I wouldn’t go to church
It took a couple of hours to complete the return for the church census, something that will tell us what we already know, that teens and twenties are conspicuous by their absence. On a December night, five years ago, I reached the conclusion that if I were a teen or a twenty, I wouldn’t go to church.
Dashing for a late train south from the city centre, I had found myself in a carriage where a group of shaggy haircuts were singing very loudly. It was the end of the university term and one assumes that the occasion had been marked with celebratory drinks. The music from the CD player inspired bursts of song, it being obvious that, after the first verse, the shaggy ones knew only the refrains.
Merry, but unthreatening, they filled the railway carriage with sound that, if not tuneful, did not worry the other late night travellers. A little girl and her father boarded the train at a suburban station. She looked to her father for reassurance. “They’re no trouble”, he said.
The shaggy haircuts had been so caught up with one song, they had missed their station. The obvious remedy was to get off at any of the following stations, cross the bridge to the other platform and wait for the next northbound train.

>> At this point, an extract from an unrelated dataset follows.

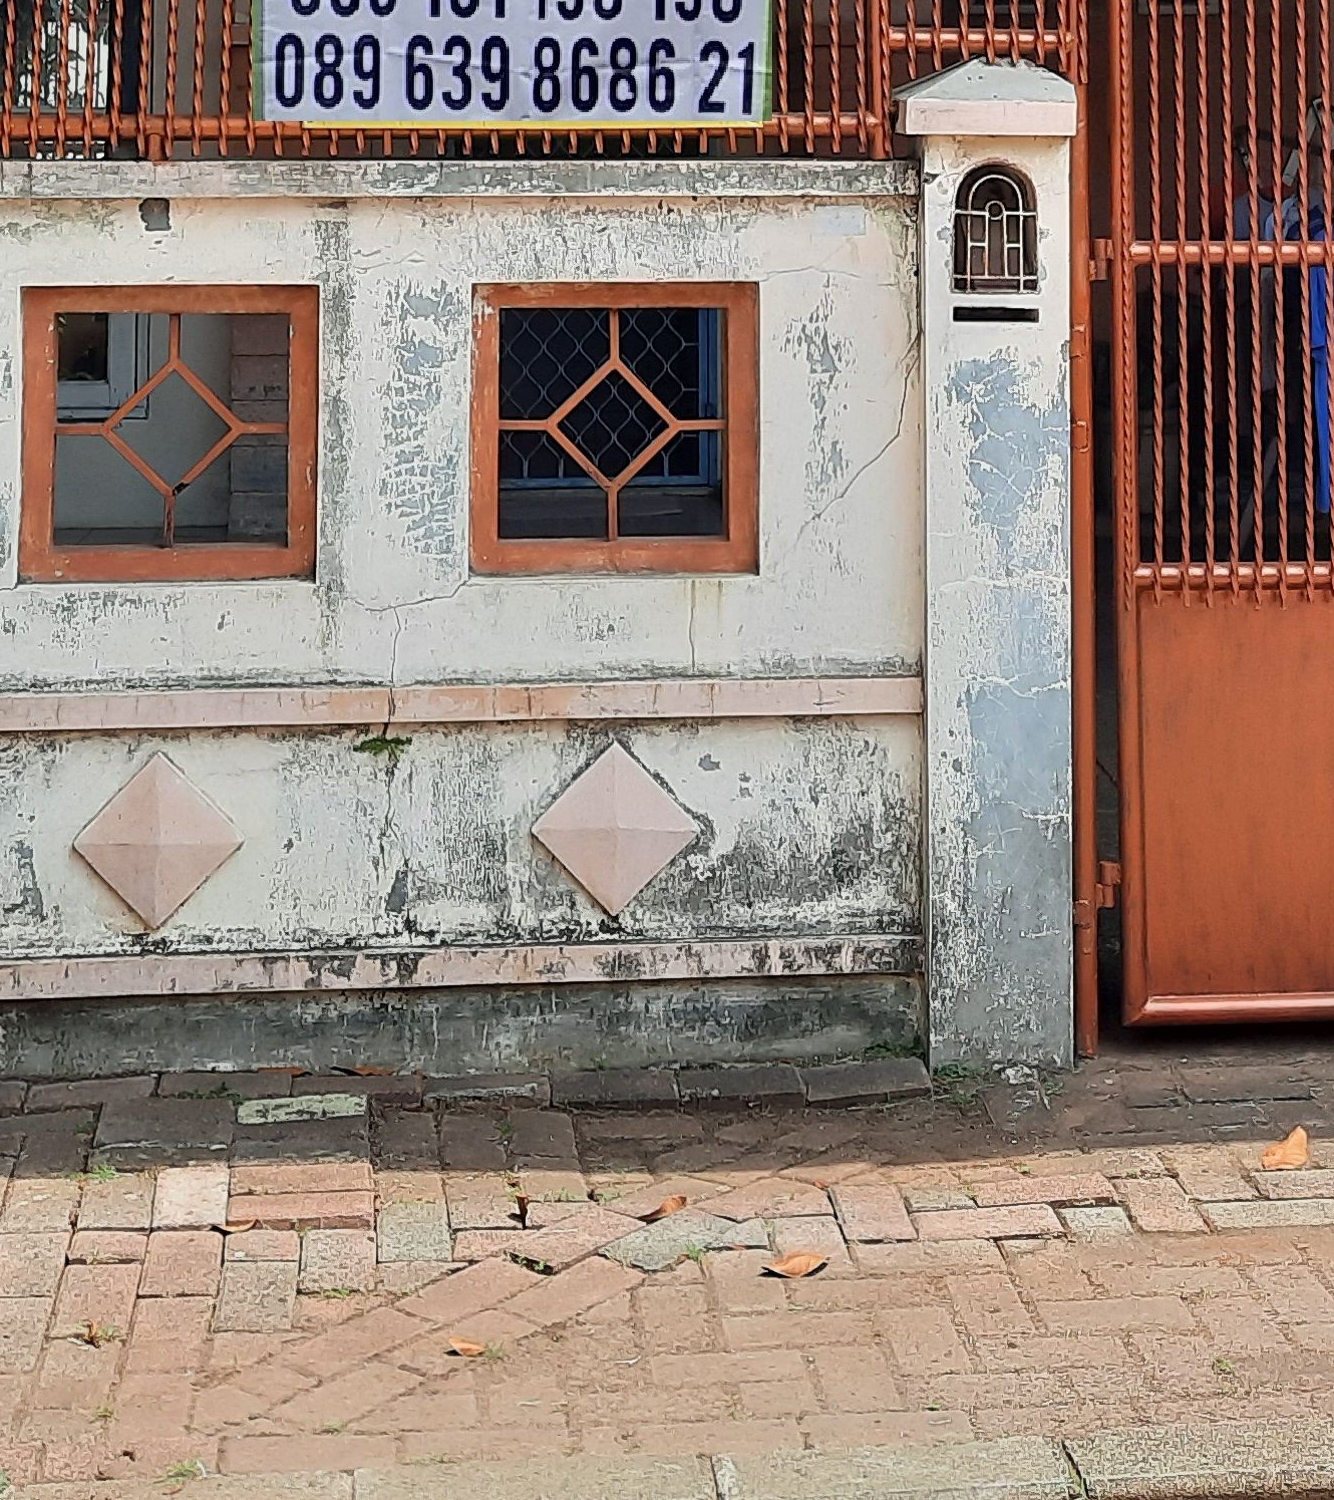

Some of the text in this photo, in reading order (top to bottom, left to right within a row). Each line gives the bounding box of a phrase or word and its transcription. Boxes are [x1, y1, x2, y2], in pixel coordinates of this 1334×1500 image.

[274, 32, 755, 116] 089 639 8686 21
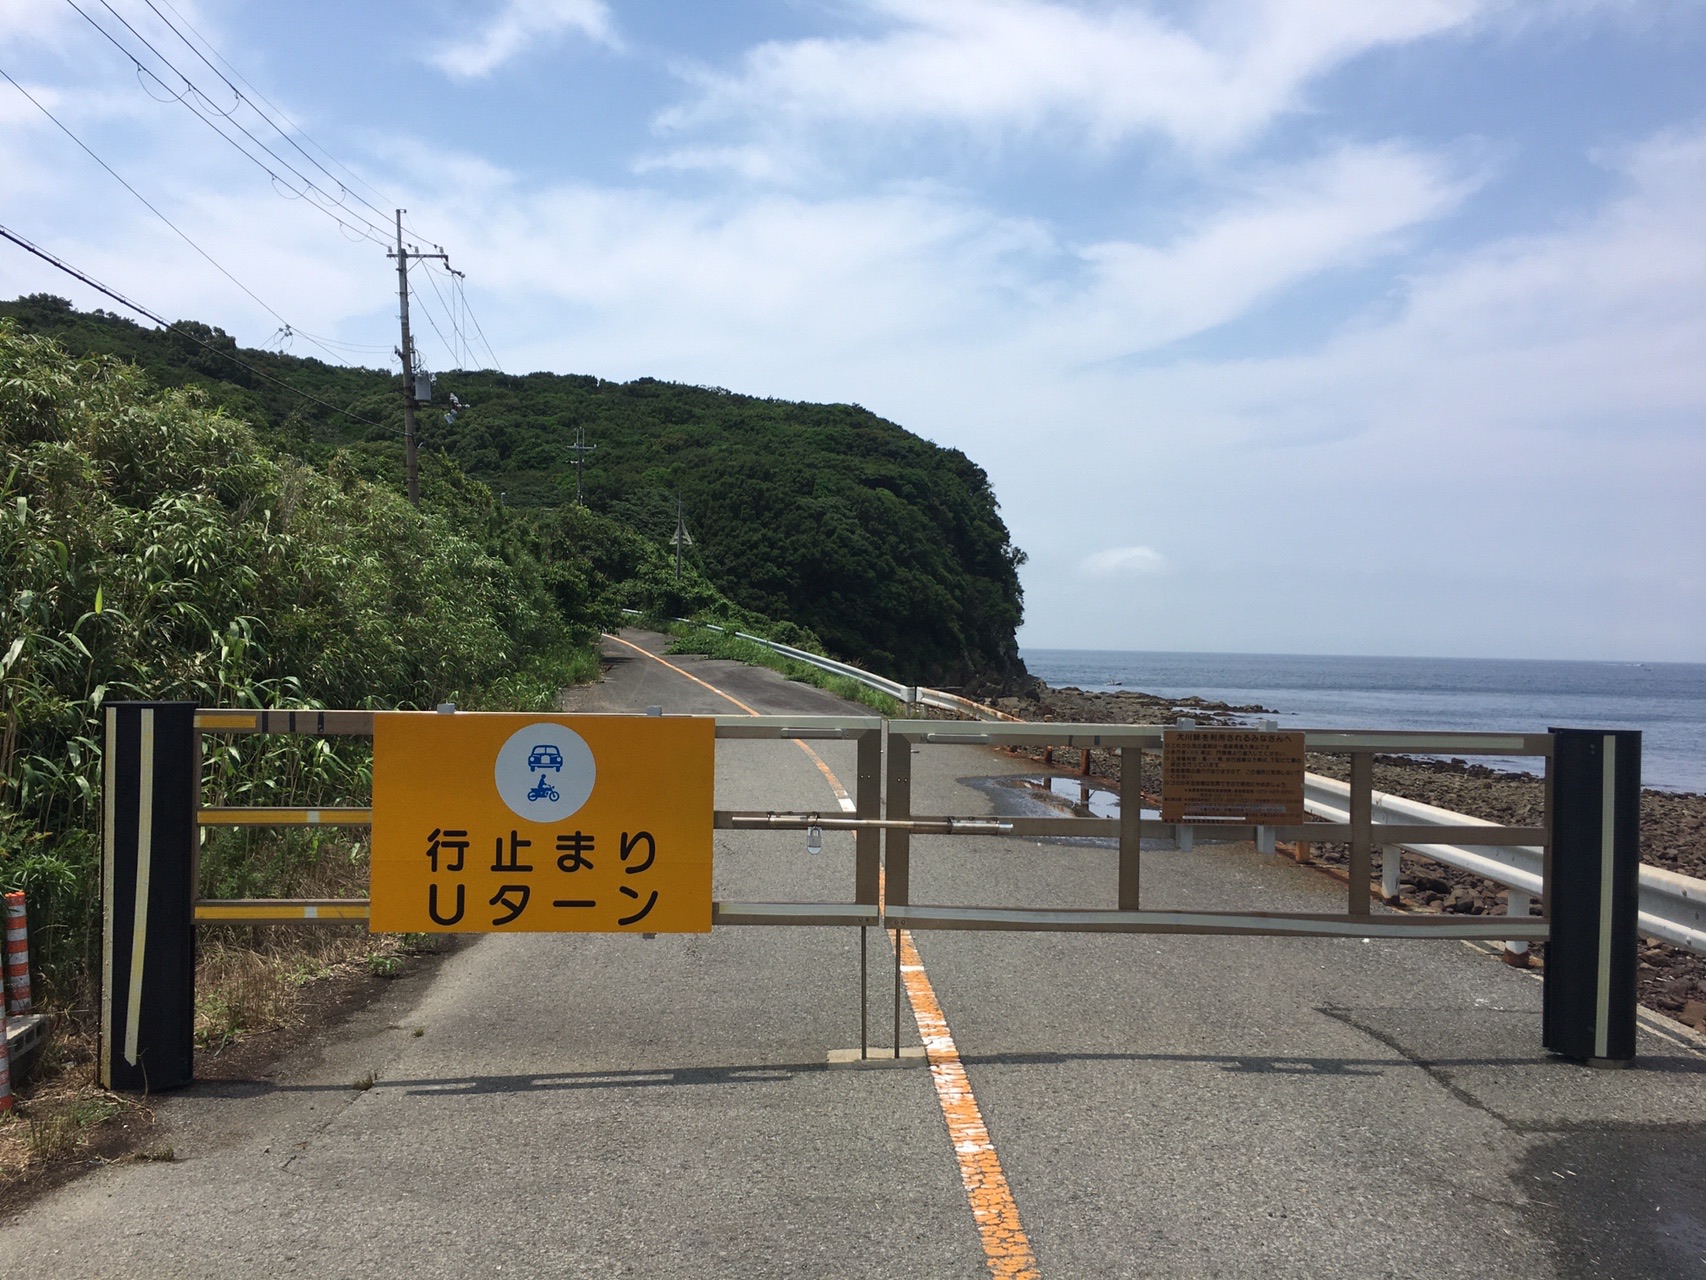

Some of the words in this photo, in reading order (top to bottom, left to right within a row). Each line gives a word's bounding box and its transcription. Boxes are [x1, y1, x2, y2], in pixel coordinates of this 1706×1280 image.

Perhaps wishing to hold on to the moment, one of them took out a timetable and announced that if they stayed on the southbound train until the end of the line, it would be bound to form a northbound train that would take them to their destination. They concurred with his opinion and continued their singing.

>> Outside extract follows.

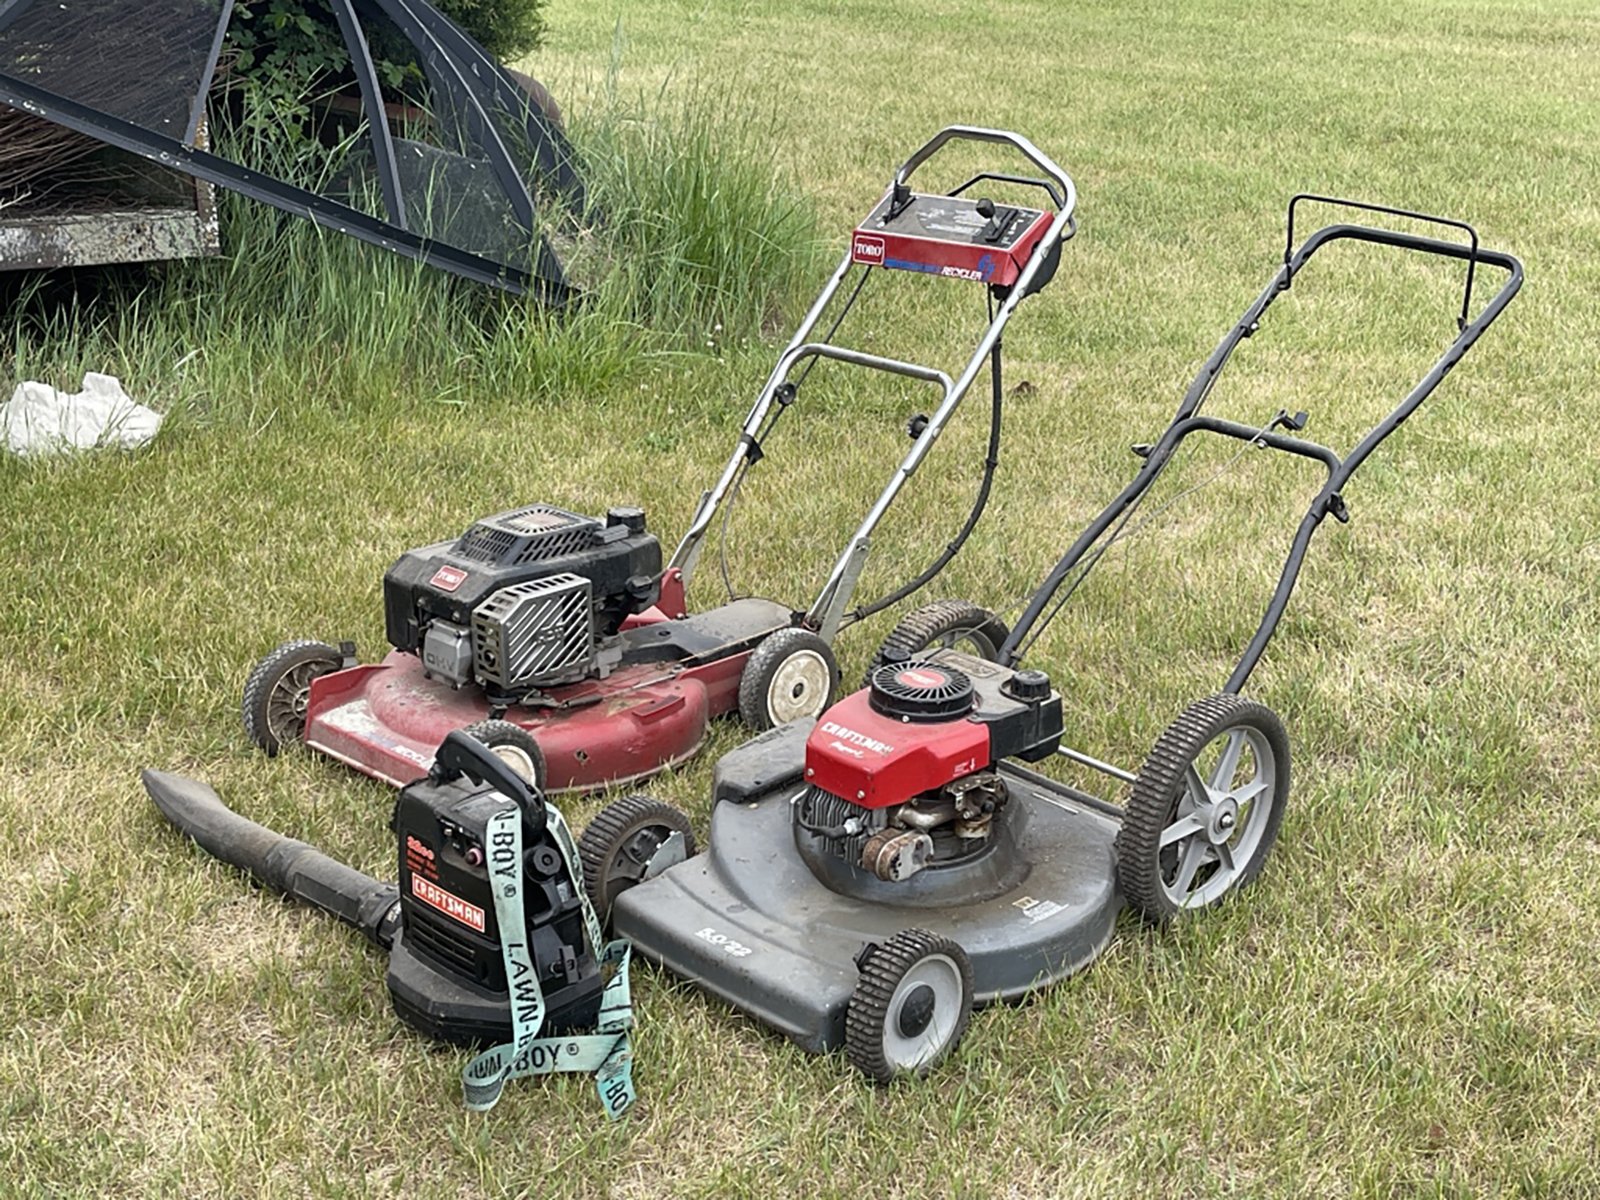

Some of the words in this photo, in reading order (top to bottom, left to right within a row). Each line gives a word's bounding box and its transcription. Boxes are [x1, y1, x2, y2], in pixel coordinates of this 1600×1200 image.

Returning from a youth event in the cathedral, the shaggy haircuts had prompted reflection. Four eighteen-nineteen year old males singing along after end of term drinks, where would they find a place in our church’s scheme of things?
With those who have brought faith down to a matter of personal salvation; sign on the dotted line, do Christian things with Christian people, don’t drink and don’t listen to musicians who are not Christians?
With those who have become ever more obsessed in wearing more and more absurd outfits and making sure they take two steps forward and one step sideways instead of one step sideways and two steps forwards, as if anyone would even notice how they do the church services?
With those who don’t really believe in anything anyway, except not saying anything nasty about anyone, except white, male Protestants, who are personally responsible for all the world’s ills?
With those in the traditional, middle of the road who would not even notice the shaggy haircuts, because they are busy getting ready for the Christmas sale?
Were I eighteen again, would I be likely to be a churchgoer, or would I be more at home on late train, singing along with my mates?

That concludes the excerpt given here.